Sunday, 6 June 2010


So I don't post much do I? What is it now? At most once a week? That is no book gonna make! I must get more disciplined, surely there's a way to write about paranoia and depression which is not all doom and gloom, eh?

Yes still depressed and loathe it. This is meant to be a time of such joy and jumping up and down with delight at my tutu being trashed and instead all I am thinking of is our impending bankruptcy. Not exactly a topic to shake. A few interviews and a few "maybe"s are not good enough, realistically, even if I get lucky enough to get a job, no one will hire before the famous Swedish summer where the country virtually closes and by the time they will call me for last interviews -or starting work- I'll be six months gone and my belly will enter before me making it nearly impossibly for anyone in their right mind to sign me on.

The mood is gloomy across the board, the Viking is working 80 hours weeks in addition to his huge commute, I'm sendng CVs left right and center and trying to think of capital-less business ventures to shake a profit before our next stack of bills, my former employer is a complete arse and is avoiding my calls and with it, paying me what he still owes me, etc.
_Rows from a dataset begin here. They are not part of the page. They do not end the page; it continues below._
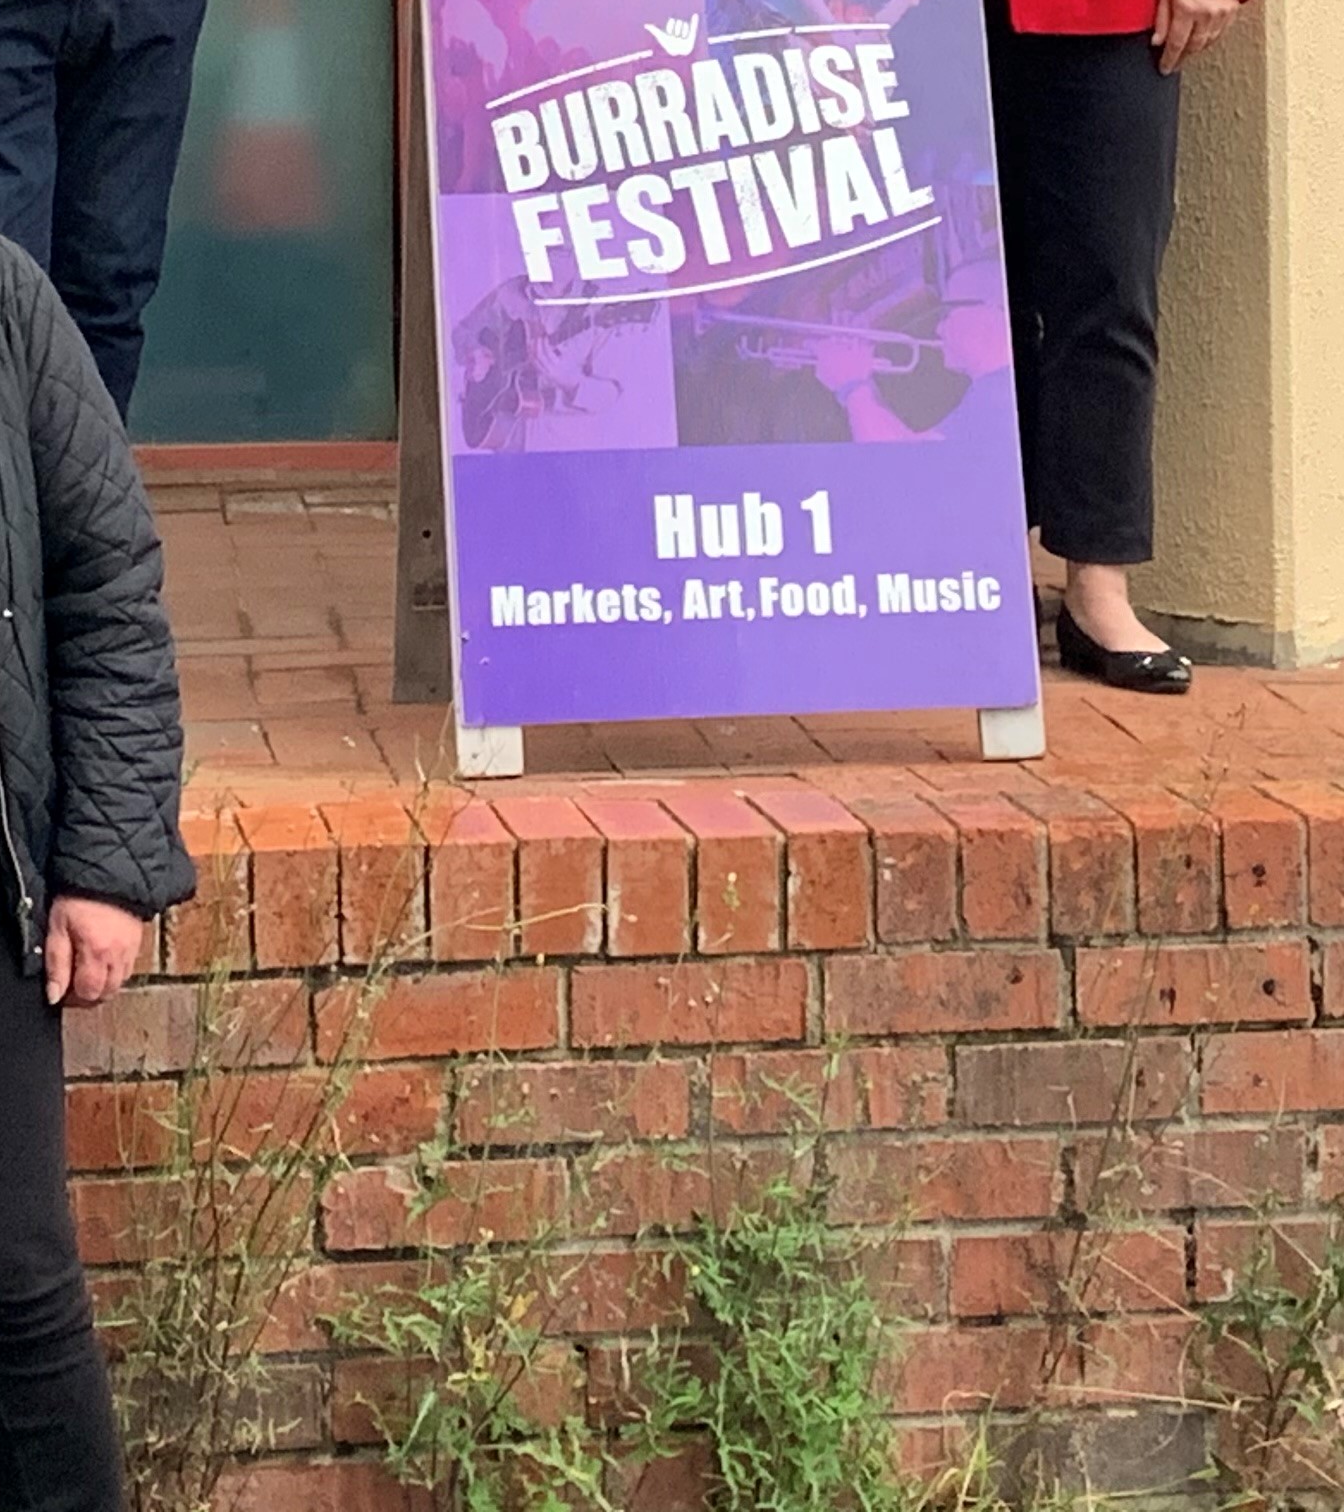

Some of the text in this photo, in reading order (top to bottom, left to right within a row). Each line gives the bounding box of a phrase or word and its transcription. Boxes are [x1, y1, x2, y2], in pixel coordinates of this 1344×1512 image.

[490, 43, 911, 194] BURRADISE
[511, 126, 936, 284] FESTIVAL
[654, 490, 834, 559] Hub 1
[490, 582, 673, 627] Markets,
[876, 570, 1002, 615] Music
In fact I am so busy doing all these things over the day that I don't even have time for facebooking and blogging the way I used to do when I was at work! :)
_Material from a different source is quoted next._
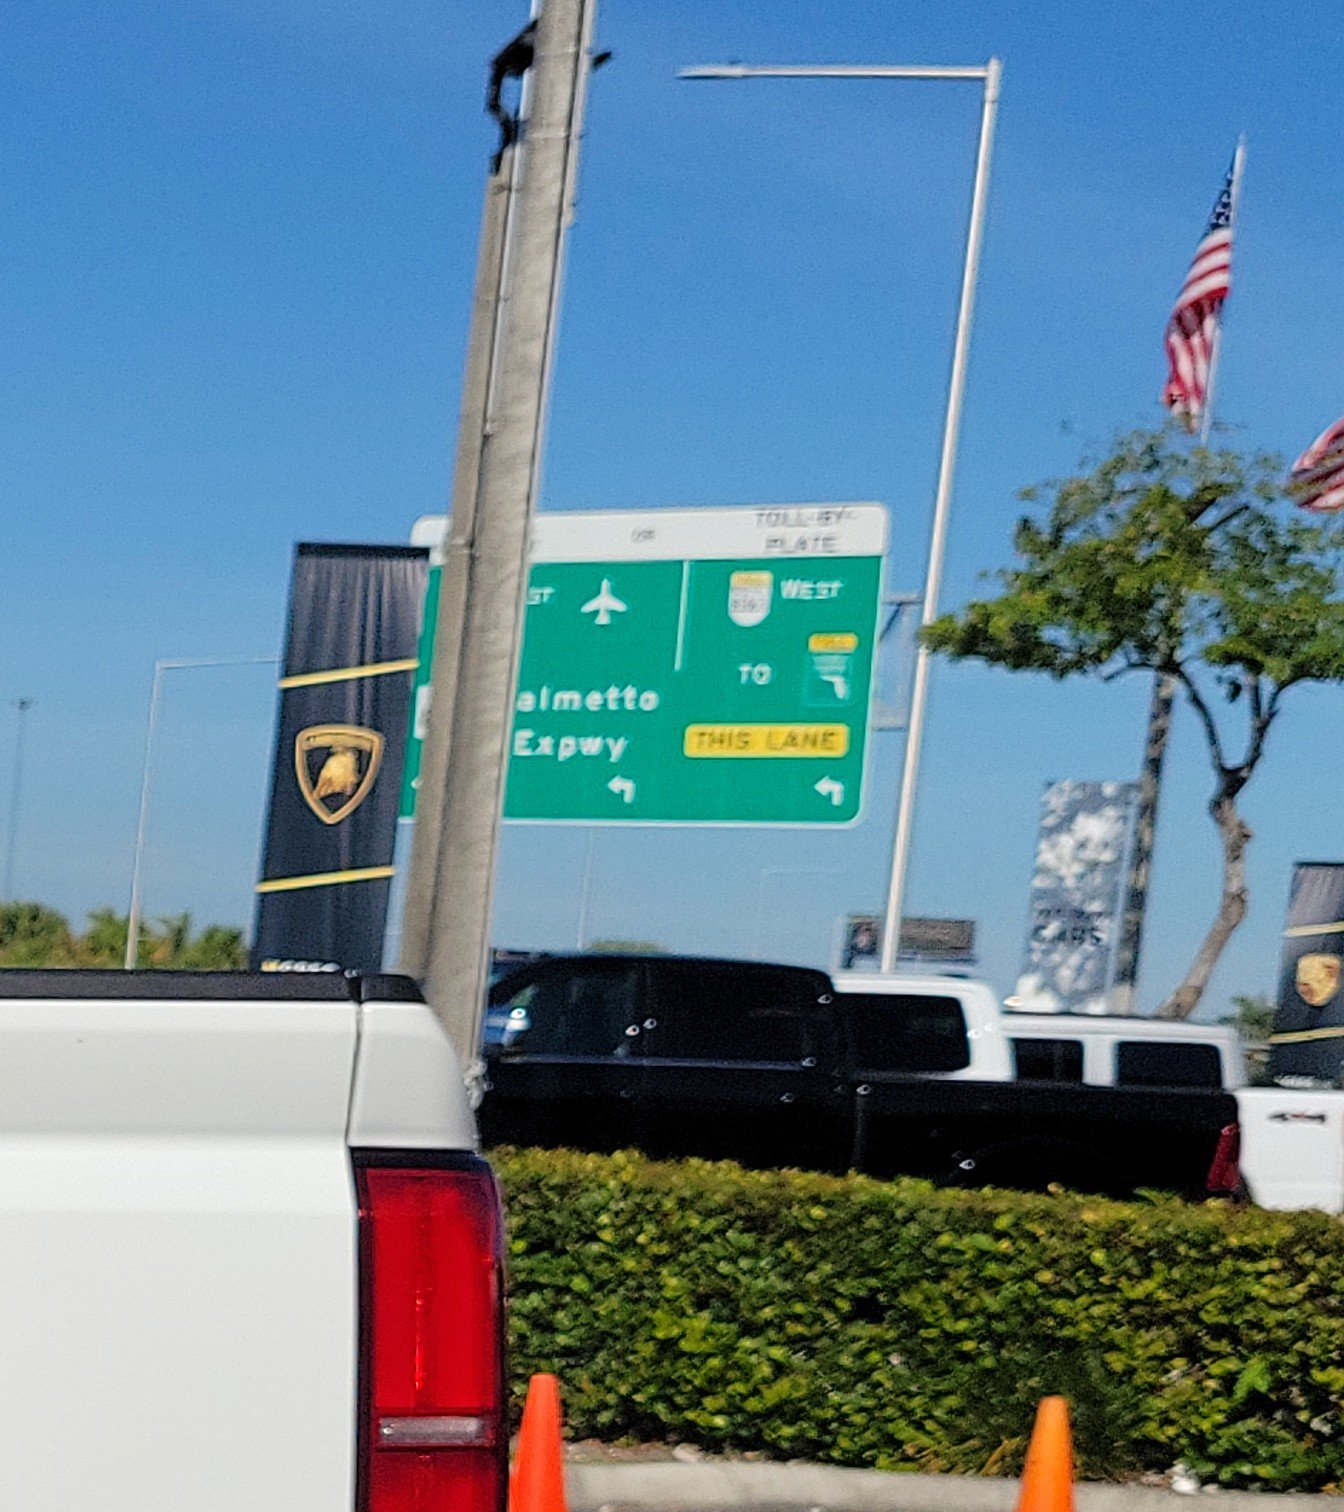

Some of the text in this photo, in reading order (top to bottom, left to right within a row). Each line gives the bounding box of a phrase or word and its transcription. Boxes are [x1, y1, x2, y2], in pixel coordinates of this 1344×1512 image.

[738, 662, 773, 686] TO
[516, 683, 660, 713] almetto
[513, 728, 629, 763] Expwy
[696, 729, 838, 752] THIS LANE
Baby wise.... man, being terrified is not getting any better. I've discovered 1 week is the most I can go with no sign of seeing or hearing Little Human Being. Thankfully this should be remedied soon thanks to Karen, an extraordinary friendo-sister who was lovely enough to pop her Doppler in the international mail for me. Don't know when it will arrive but whenever it is, it ought to be before the scan on the 21st.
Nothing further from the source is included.